─── Extracted data

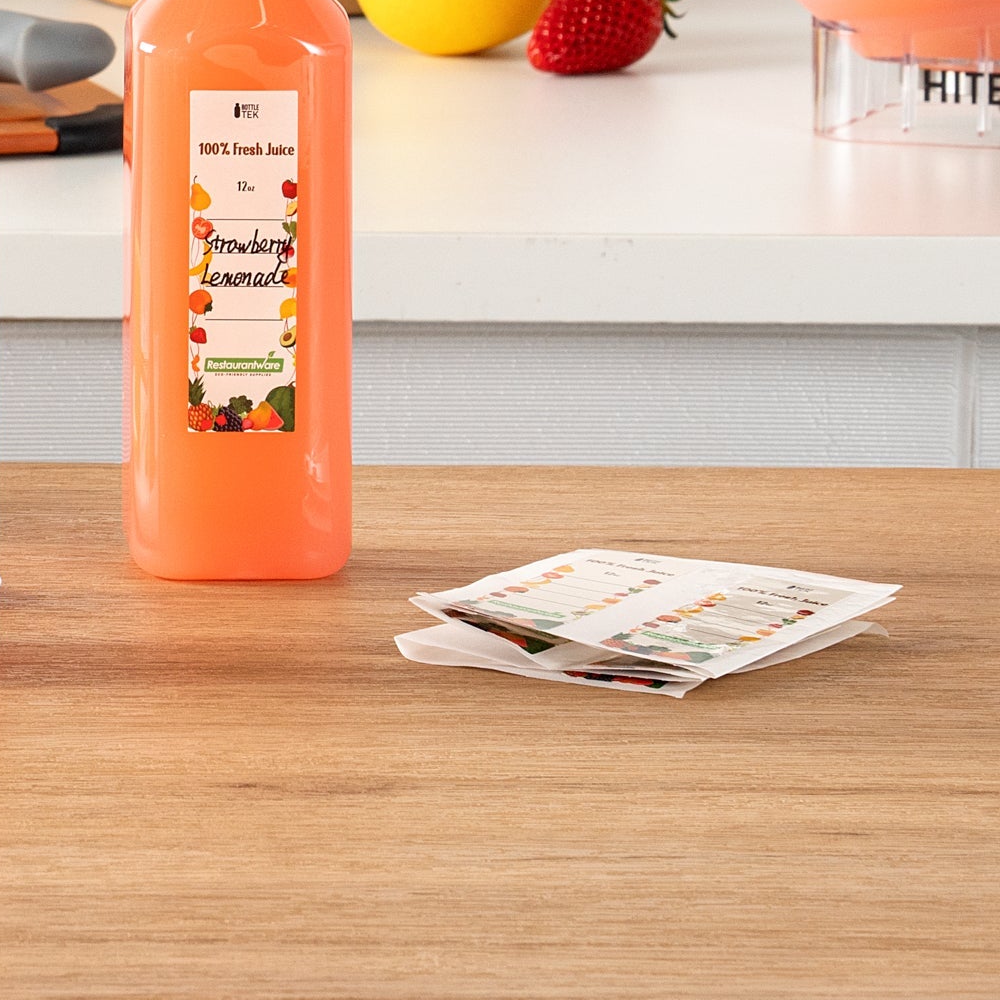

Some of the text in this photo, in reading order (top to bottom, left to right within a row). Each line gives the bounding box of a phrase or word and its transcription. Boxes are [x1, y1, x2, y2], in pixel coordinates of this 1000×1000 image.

[241, 103, 259, 111] BOTTLE
[241, 111, 259, 119] TEK
[199, 142, 295, 156] 100% Fresh Juice
[203, 228, 292, 263] Strawberry
[201, 262, 290, 287] Lemonade
[206, 357, 281, 370] Restaurantware

──────

What you are asked to do: Restate all of the material word for word, leaving every picture out.

Task output:
Some of the text in this photo, in reading order (top to bottom, left to right within a row). Each line gives the bounding box of a phrase or word and its transcription. Boxes are [x1, y1, x2, y2], in pixel coordinates of this 1000×1000 image.

[241, 103, 259, 111] BOTTLE
[241, 111, 259, 119] TEK
[199, 142, 295, 156] 100% Fresh Juice
[203, 228, 292, 263] Strawberry
[201, 262, 290, 287] Lemonade
[206, 357, 281, 370] Restaurantware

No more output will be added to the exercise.